Doing some work for a guided tour of the Pinewood Battery/Lung Fu Shan area, I've stumbled over the history of the Ching Yuen Garden. Mak Ching's belief that it was a rear area for the WW2 battery seems to be correct. The aerial photographic evidence shows nothing there in 1924. That was shortly after, interestingly, Pinewood Battery ceased being a military location, was resumed by the government and handed over to the pretty new Hong Kong Scouts as a sort of Gilwell Camp location. Not sure how long that lasted, but not beyond c.1930 (have yet to find the smoking gun for military resumption). 

When it was resumed by the military, however, and Pinewood Battery rebuilt as an AA battery, what was built in addition was the platform on which Ching Yuen Garden stands, along with a building (probably the smaller bungalow (so bungalow maybe 1930s)). A 1945 aerial photo shows a clear, military layout with a single building and what looks like a set of rectangular areas - possible store dumps or tented accommodation sites.

That location stays looking like that through subsequent aerial photos through to 1952 (when it first appears on a topographical map). Sometime between 1952 and 1960 it was taken over by the Malaria Bureau (they meant Anti-Malaria!) and used, as a 1:1000 map indicates, as "quarters and store" pretty much retaining  the same layout as it had in HKSRA days, though by 1960 with the bungalow and six, equal sized rectangular areas, probably the stores. It stays as the Malaria Bureau's local Mid-Levels base through until about 1970-72 - the layout in aerial photos in 1963 and 1968 still looks pretty organized, but in 1972 it looks abandoned. On 1975 maps it begins to change, but in aerial photos it doesn't seem to get its second building until the later 1980s.
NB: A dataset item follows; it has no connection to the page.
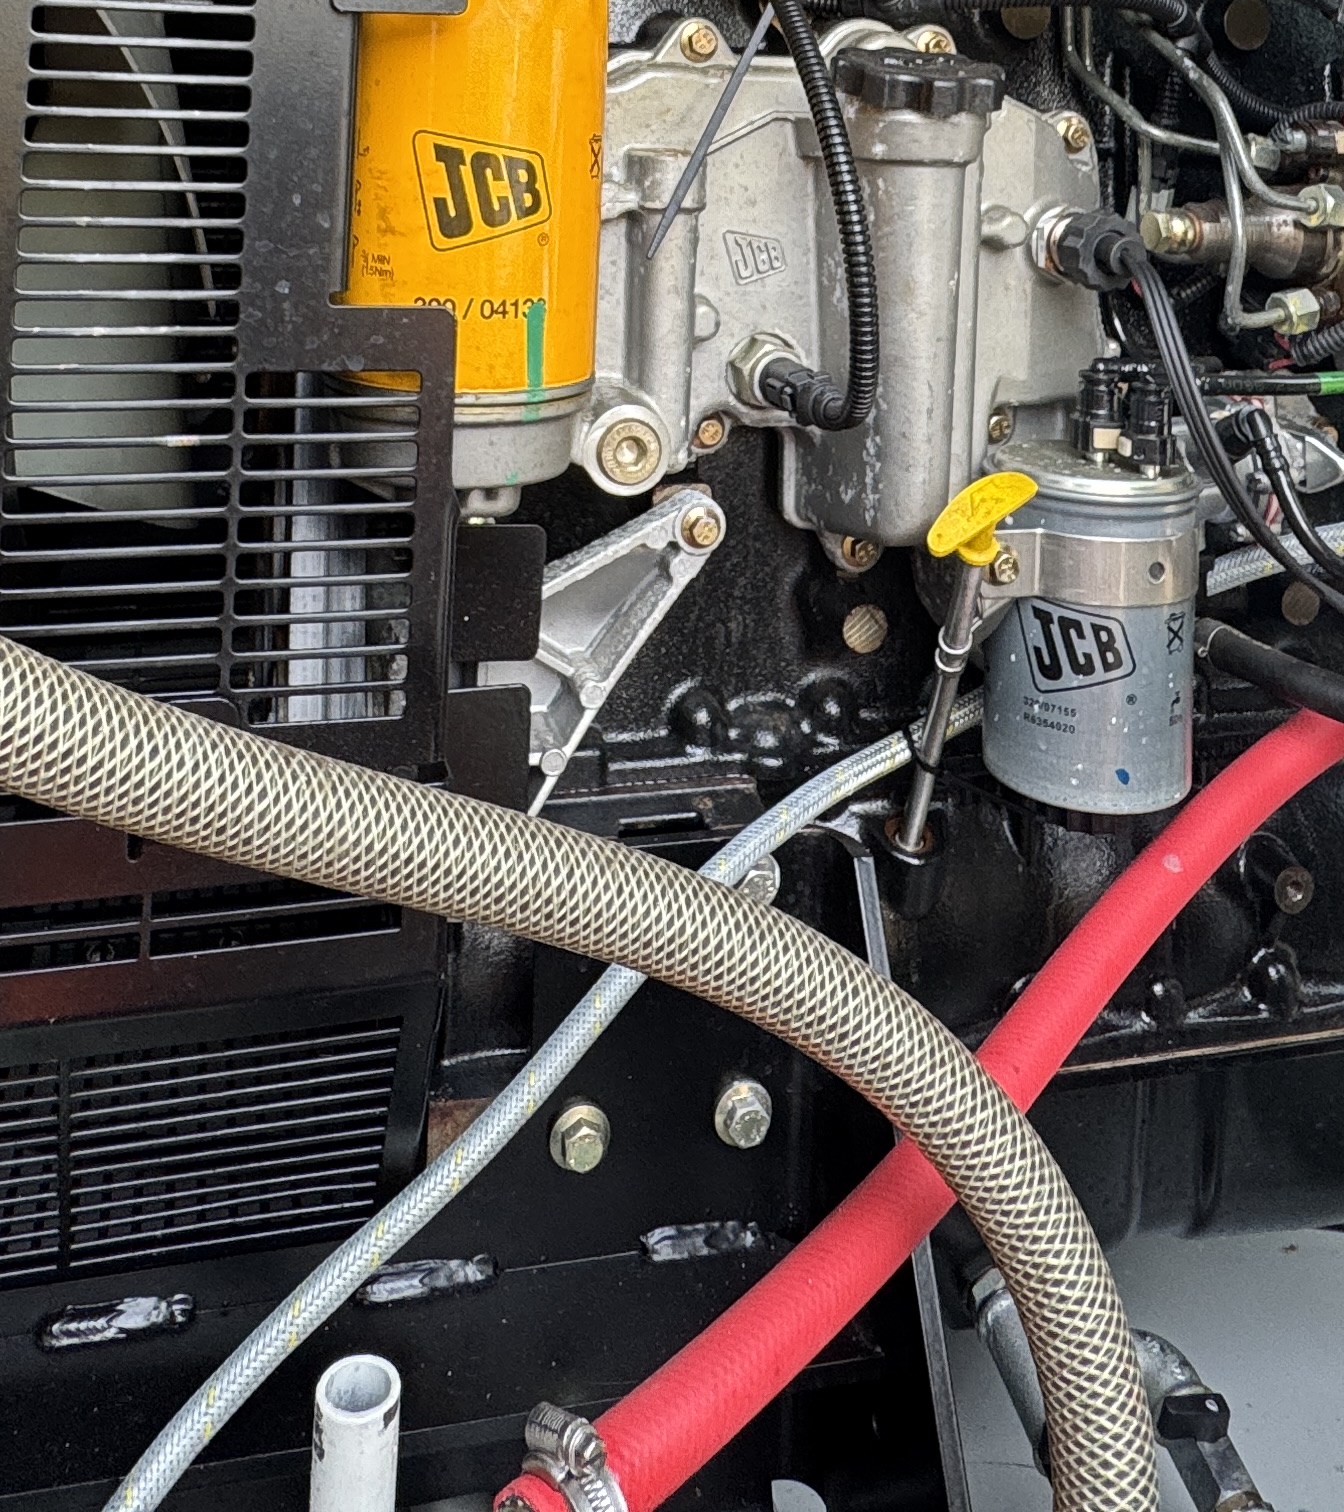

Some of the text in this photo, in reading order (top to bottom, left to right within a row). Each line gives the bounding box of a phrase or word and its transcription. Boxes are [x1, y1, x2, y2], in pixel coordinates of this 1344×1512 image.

[432, 141, 543, 240] JCB
[733, 234, 784, 280] JCB
[1031, 604, 1123, 682] JCB
As one of the folk I work with commented, with it as a manifest part of Pinewood Battery (a listed heritage site); with two fairly distinguished post-war HK artists having lived there; with it having been something of an artistic rendezvous point for HK artists in the 70s and 80s; and with it featuring as 山之半 居 (the house half way up the mountain) in many of the very distinguished Huang Yong Yu's ( 黄永玉 ) paintings (today very valuable collectors' pieces - HK$1.5 million being a recent price at Christie's for those (like the HK Government) for whom that's the only sort of metric that matters), one would have thought that by now an intelligent government that actually knew something of the history of the place that it governs, might have rescued the place from rack and ruin and turned it into a self-supporting artists' venue - a sort of Mid-Levels Cattle Depot. Fat chance.


Thanks Stephen, the site is older than I expected.

There's a brief mention of the Malaria Bureau moving here on page 188 of Plague, SARS and the Story of Medicine in Hong Kong:

All these careful parasitological and entomological studies were initially carried out by the bureau at the Bl ((Bacteriological Institute)), but in the early 1950s, the bureau was relocated to its own premises at Hatton Road and Kotewall Road; subsequently, its work was handed over to the Urban Services Department in 1966.

Thanks David - good to know the dates of relocation and departure.